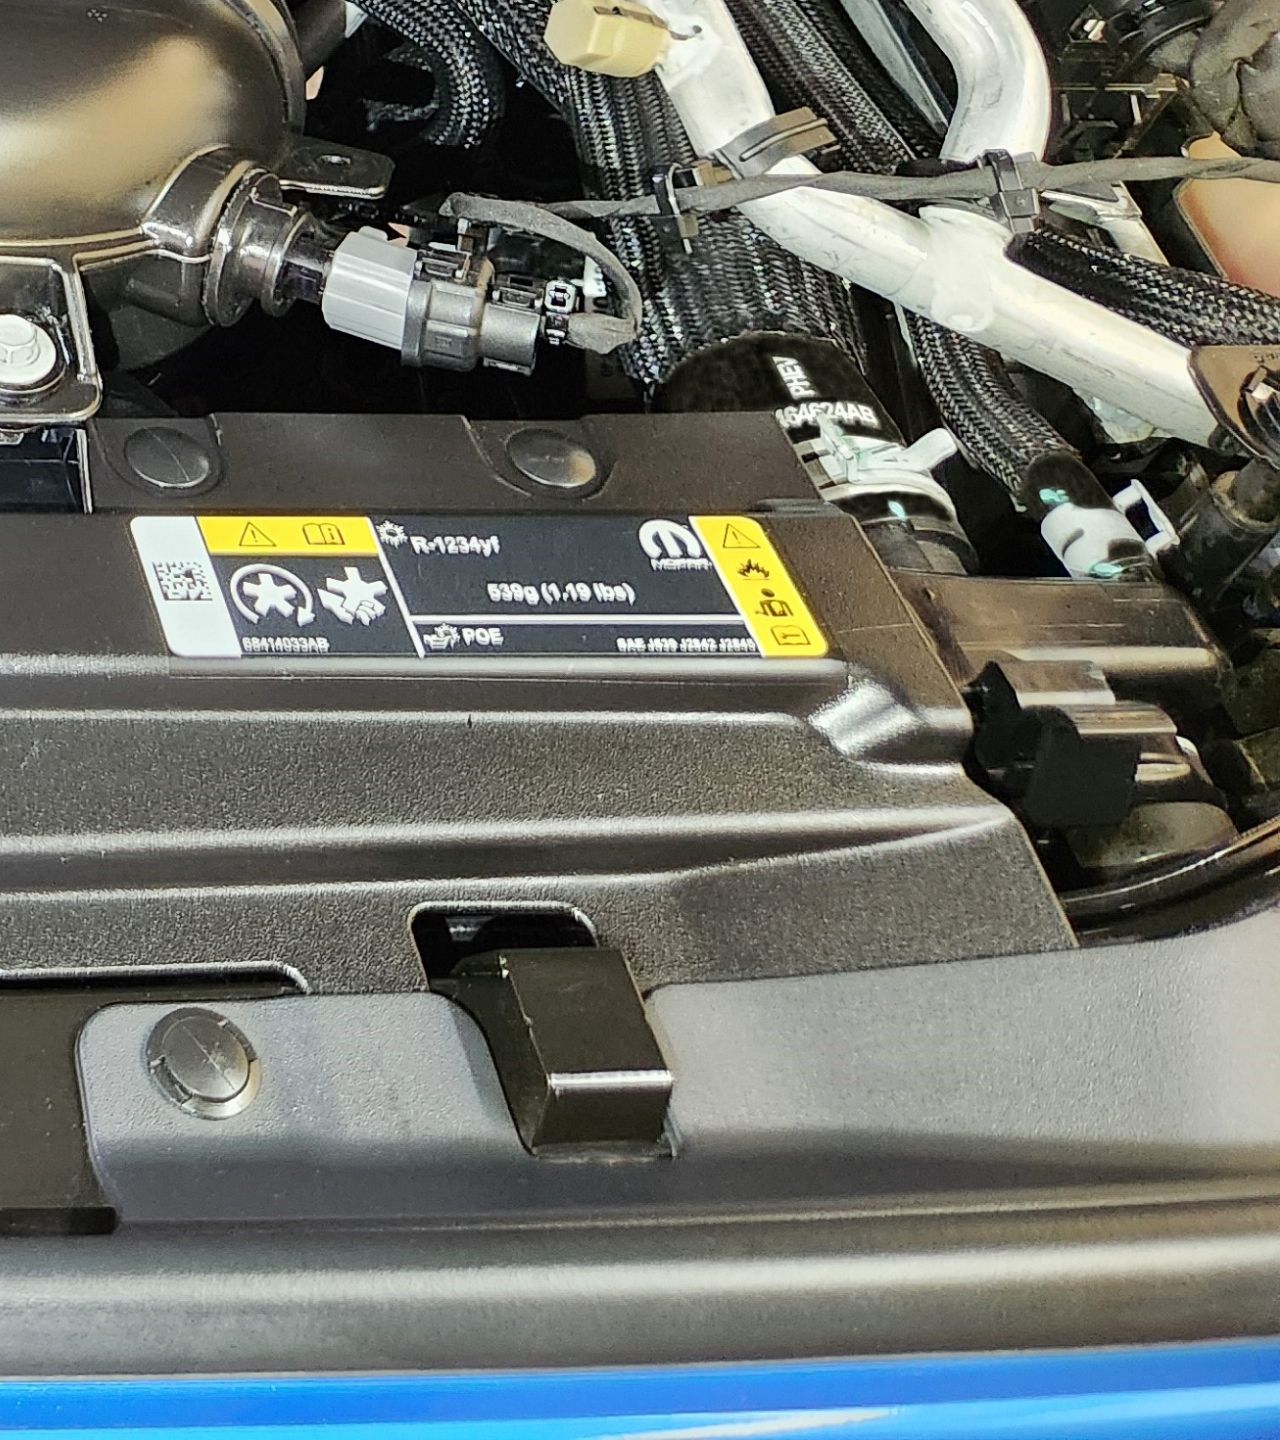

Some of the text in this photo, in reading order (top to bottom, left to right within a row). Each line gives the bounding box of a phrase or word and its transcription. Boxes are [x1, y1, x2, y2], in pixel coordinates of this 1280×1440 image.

[771, 355, 819, 401] PHEV
[410, 534, 501, 558] R-1234yf
[486, 582, 637, 606] 539g (1.19 lbs)
[462, 627, 504, 647] POE
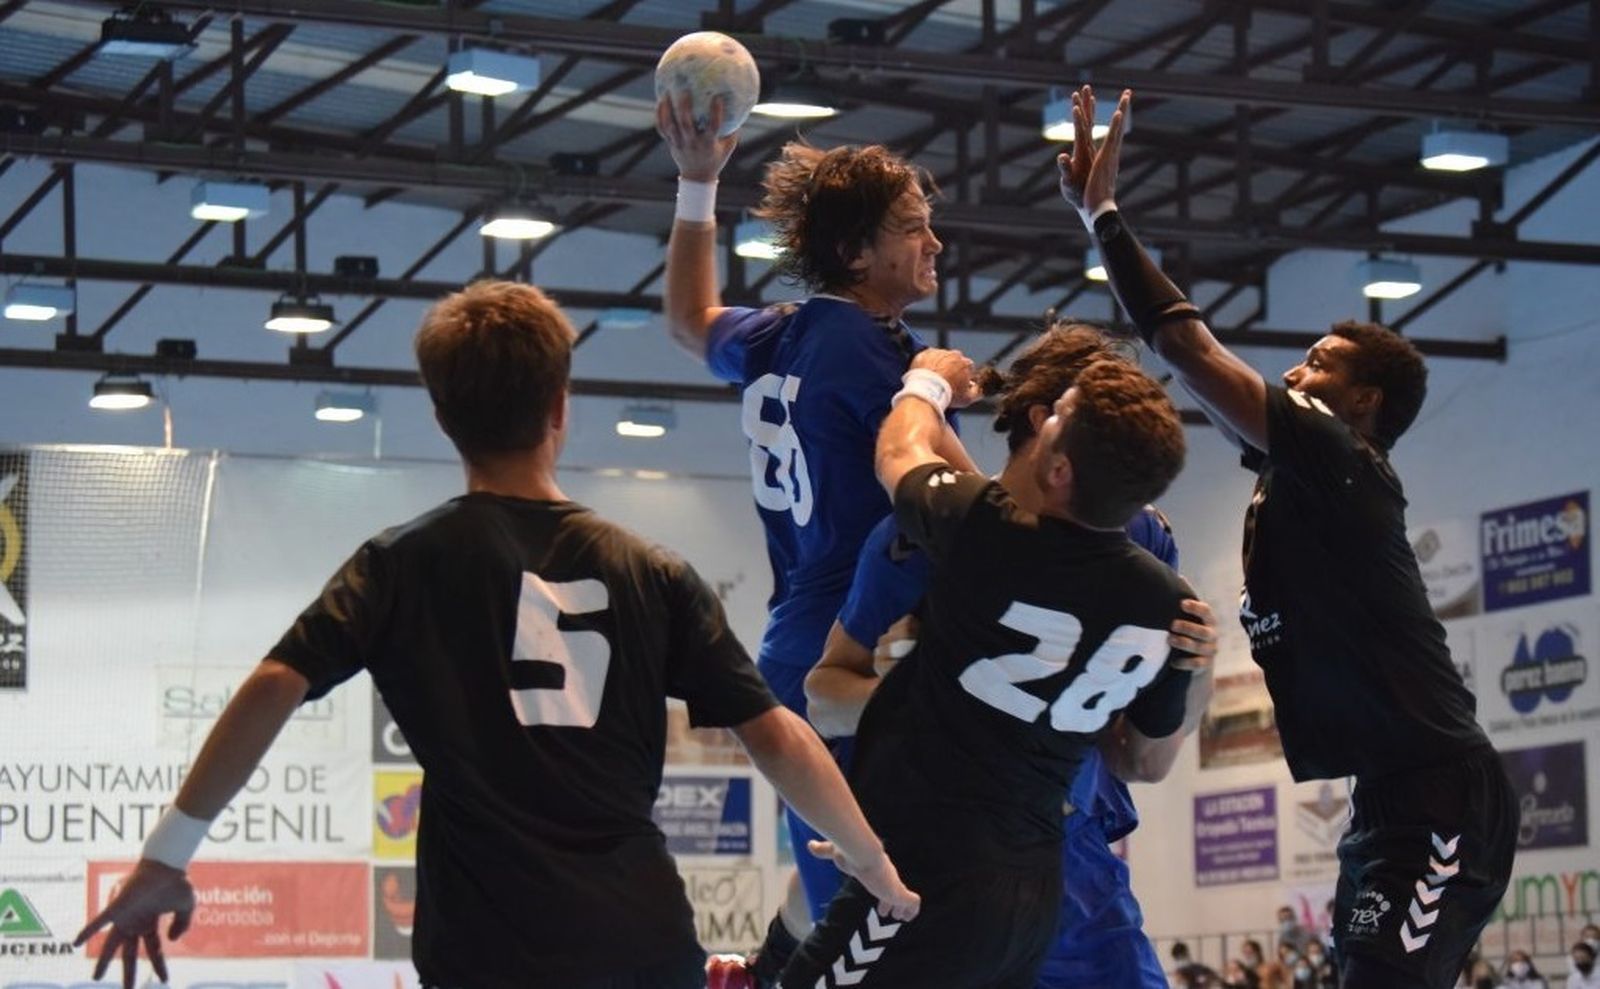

◆ REQUIREMENT: Leaving out the pictures, repeat all the entries exactly as they stand.

◆ EXERCISE RESPONSE:
Some of the text in this photo, in reading order (top to bottom, left to right within a row). Each line gives the bounding box of a phrase or word and its transcription. Boxes are [x1, y1, x2, y2], in pixel coordinates of this 1280×1440 image.

[771, 355, 819, 401] PHEV
[410, 534, 501, 558] R-1234yf
[486, 582, 637, 606] 539g (1.19 lbs)
[462, 627, 504, 647] POE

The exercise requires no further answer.